I had a dream last night I teleported to the old Kodak plant,
by my old home and school in Toronto,
which was now a place in China for some reason,
There was a stone garden made out of chips of bark,
organized into waves or swirls revealing an ancient stone,
that had something like scars in it,
a little girl was using a broom to in the dark recompose the waves,
all of this great rock, this great scarred stoneface, adorning the slope,
was on an almost mountain like hill slope, that was very majestic.
there was a bus that I took there I think, many images were in a sort of
fish eye lens where I would crane over things, that's how I saw things.
I don't remember walking to the bus, I may have teleported,
I cannot remember, any of the dream, (takes mirror out of backpack), oh wait, there's this...
I got to the hillside and outside were people painting over the amazing looking indenting cracks in the hill,
with glow in the dark paint, that was lit up by the nightwork moonset, glow iterated in the milky night soupy fog atmosphere.
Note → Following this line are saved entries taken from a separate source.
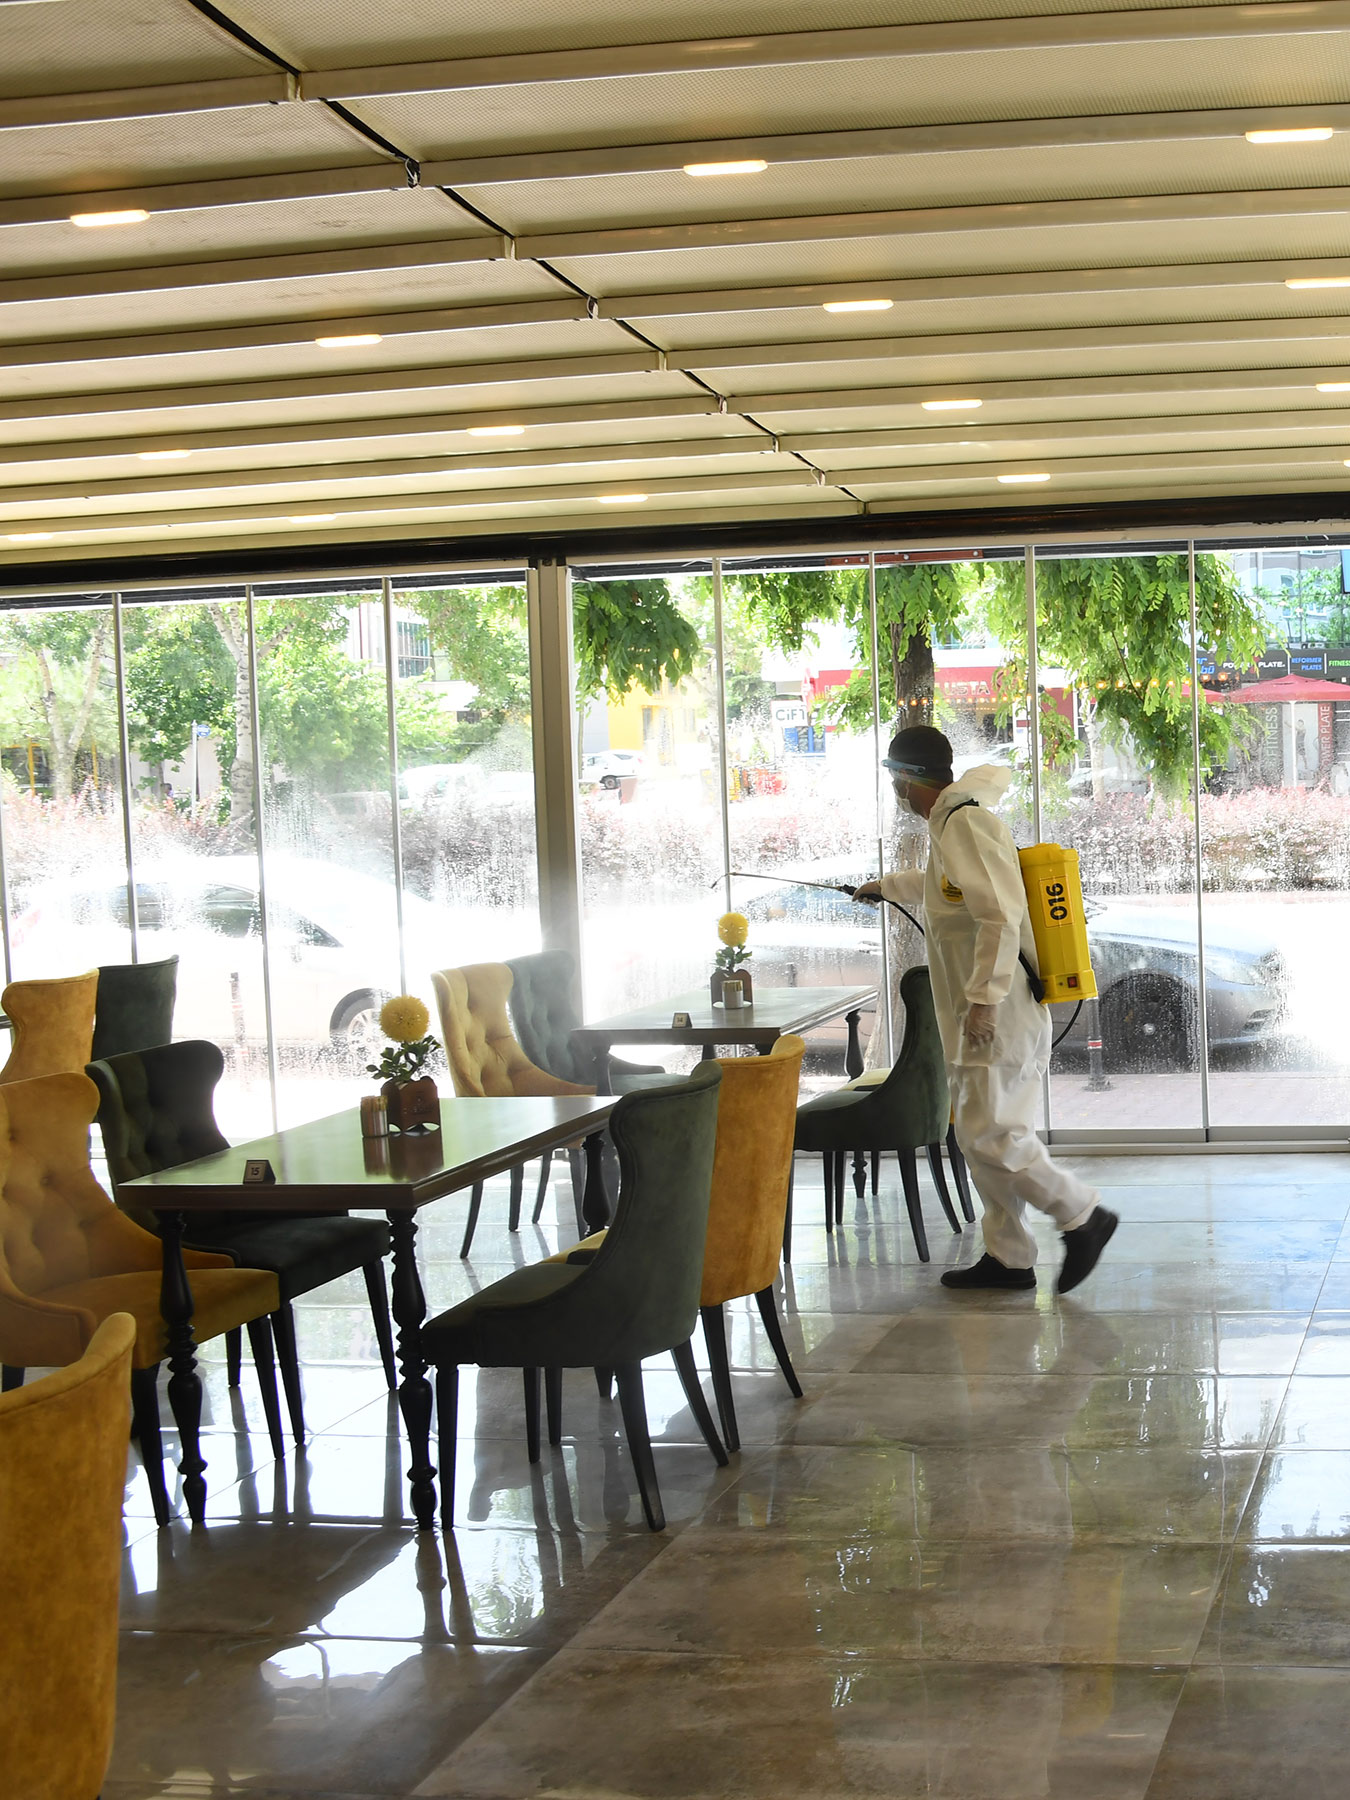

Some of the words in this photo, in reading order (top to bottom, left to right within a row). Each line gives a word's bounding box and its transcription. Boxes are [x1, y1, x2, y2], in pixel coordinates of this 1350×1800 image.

[943, 680, 991, 696] USTA
[1264, 707, 1279, 757] FITNESS
[1320, 705, 1331, 734] PLATE
[1046, 883, 1068, 920] 016
[251, 1167, 260, 1176] 15
The chips were there like swirls revealing the veins of now glowing sinewy connections that surrounded a house, where the plant used to be, and the area was unrecognizable but there were towers and I was there waiting for a bus too, it was like two stories were taking place at the same location, like I was simultaneously in two places at once. The beauty of the huge building very clamshell like dark with amazing alien architecture and strata of lights, in the foggy night that seemed to light up from within every part of the somewhat glowey cloud I was in I had realized I had taken the wrong path and then I teleported to the beginning of the dream...and then was brought to the home again as If I could just be a wave of energy and be anywhere I wanted to.
At the house I was simultaneously in my body and looking at it from about two to three meters away over my left shoulder. There I asked what the woman and her daughter were doing, I cannot remember if she was wearing Japanese geisha clothing, some variety of that a really baggy clothing and it seemed flowery but everything was dark, so I could not make it out she had a pail and was putting a very watered down glow in the dark paint that seemed to capture and glow like the moon, and she said she was instructed by her husband who was a ghost to do this, and I was moved by the beauty of it, and I think I would have helped but then I got a sense of crisis and was in a hallway maybe a mile down the road it was both at the top and the bottom of the hill (but this does not at all look like the Kodak plant it was as if it was reconstructed in some other planet where everything was the same except that spot, it was like a 'chainchannel" of an alternate universe that was telling me a story about something it wanted me to remember maybe before I forgot...I looked above myself and I am at the bus area looking at the tall clam like building with jetting amazing architectural elements growing from the ground like a crystal and realize it's the same site as another place I had been where there was a roller coaster, well maybe it was not the same place but it reminded me of it, and there were these arching beams over the sky like the ones at Nathan Phillips square but they spanned at least maybe a Kilometer or so...I kept moving around I don't know if it's in the dream as much or in how I am reconstructing it, there seems to be a disjointedness in both the dream and the reconstruction of the dream, I notice myself a few times at the bottom of the hill it was maybe three or so miles away close to where the skating rink was that we would walk to as a child where I would always stop to pick up feathers I would find and study from the pigeons that took shelter under the bridge...and I kept in the dream flashing to that point a few times, where I am far off looking at the whole scene, but immersed in it.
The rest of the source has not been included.